Didn’t sleep all that much during the night, woke up a few times for a piss and my throat is starting to scratch. I had a mild pressure headache all day yesterday and now it’s moved on to the throat, so I guess I’m getting a cold or something. The moist, dusty room probably not helping. Still, glad I brought my sleeping bag. The other three guys must have been a bit chilly in the night. I wake up again around eight thirty and can’t back to sleep after that. The fact that I have to write to my seminar leader at uni and explain my absence today is playing on my mind a bit. I hate the fact that anything to do with school, or any type of authority leaves me feeling like a kid. Like I have a fear of being told off. Instead of just writing saying I’m away with my band and can’t make it I write that my daughter is sick and I have to stay home. I’m forty next year. Pathetic really.

I get up for a shower. There is no door and a huge cobweb hanging from the roof of it. Apart from that it’s a nice, warm shower. I don’t have a towel either but find a little polishing rag that is in a cleaning bucket in the hall and use that. We all begin to stir and ready ourselves to go downstairs for breakfast. I ask Johan how the sleeping bag he took from the pile on the floor was, “I tried not to think about it”, was his reply.

When we go downstairs Crust Frog is tidying up cables in the gig room and breakfast is waiting for us on the table. The coffee and rolls with assorted vegan pastes is most welcome. Feeling good today despite the sparse amount of sleep and my shoe which reeks of beer after getting drenched last night. We go pick up the car and then we make a trip over to the Buchenwald memorial museum which is the forest just outside of town. Froggy comes with us, he tells me he’s brought a lot of bands here.

I’ve never been to any of the concentration camp sites before, to say the feeling is heavy as we drive down the “Blood Road” leading through the forest up to the camp is an understatement. It’s hard to get your head around the sheer scale of the place, and the horror that has taken place here. The camp itself looks out over a huge valley, you can see for miles and miles, there is no possibility that the surrounding villages were blind to what happened here. We don’t talk much as we walk around the place, and Jon is holding back the tears as we look at the various reminders of horrifying murder. And to think Nazi’s are heiling on the streets again. Humankind certainly can get it horribly wrong, again and again it seems. As hard as it was to come here, I’m glad we did. It’s important that these places stand as a reminder of what happens when power turns the powerless against each other. Sad that that is relevant as much now as ever.

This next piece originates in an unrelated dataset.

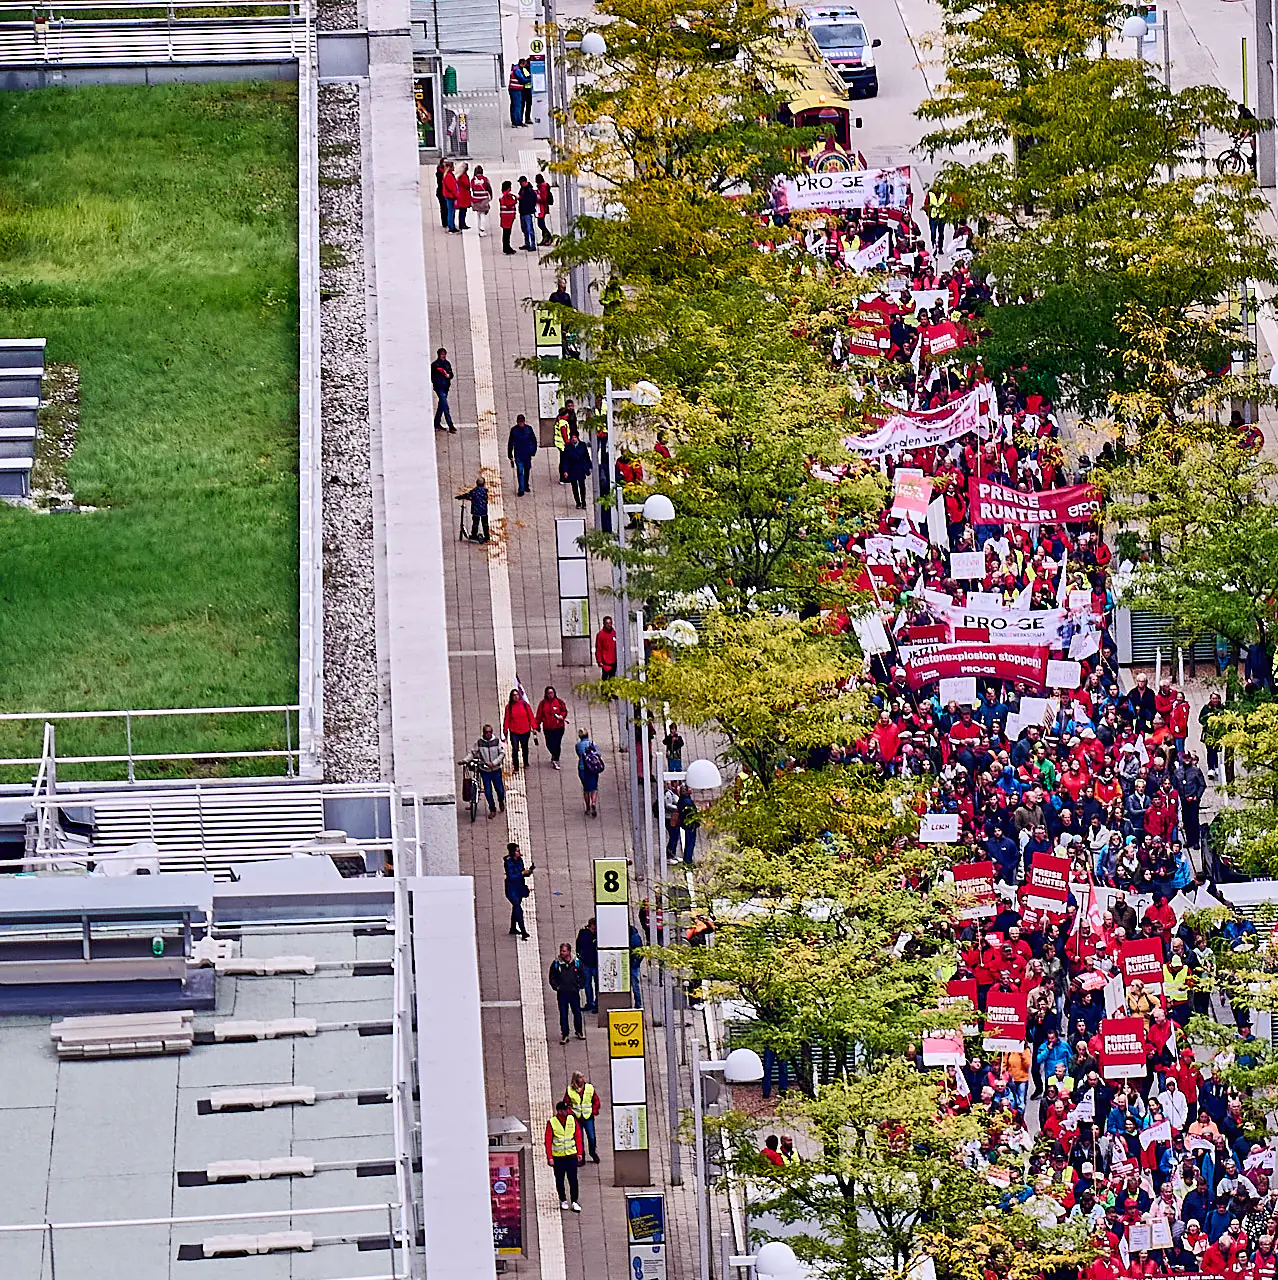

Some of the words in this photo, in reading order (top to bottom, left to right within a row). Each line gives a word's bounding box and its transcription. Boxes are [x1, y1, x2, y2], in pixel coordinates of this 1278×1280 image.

We drop Crust Frog back in town, his name still cracks me up, thank him for everything and head off to Berlin. The journey isn’t quite as bad for traffic today as it was on the way here, but it’s the exact same boring trip back as the way we came nonetheless. I must have played Berlin ten or eleven times throughout the years and I don’t think I’ve played the same venue twice. Tonight is no different. It’s a Jugendhaus place somewhere on the other side of Friedrichshain, right off of Karl Marx Allee hidden away behind some huge theatre. Behind the place is a wasteland with the S Bahn train running across on the other side of it. Really strange being in the middle of Berlin and finding a place this hidden and quiet. Our friend Eleanor from the band To What End? arrives a little while after we turn up, she’s been living here for nine years and she’s never heard of the place either. It’s a bit of a worry since it feels like a bit of a bigger club and the ticket price is set at 15 euros which feels pretty steep for a Victims show, at least from a crust punkers point of view. The guy booking us tonight, Tim, looks like a hardcore kid who doesn’t seem overly excited to have us here, but that’s maybe just his look, a bit dour you might say. He seems friendly enough, just doesn’t say much. We’ll see how this show turns out. I like the place itself though, there’s a pretty cosy little bar to the side of the gig room with worn out sofas and a beer garden outside, pity it’s not as warm as it was in Weimar last night.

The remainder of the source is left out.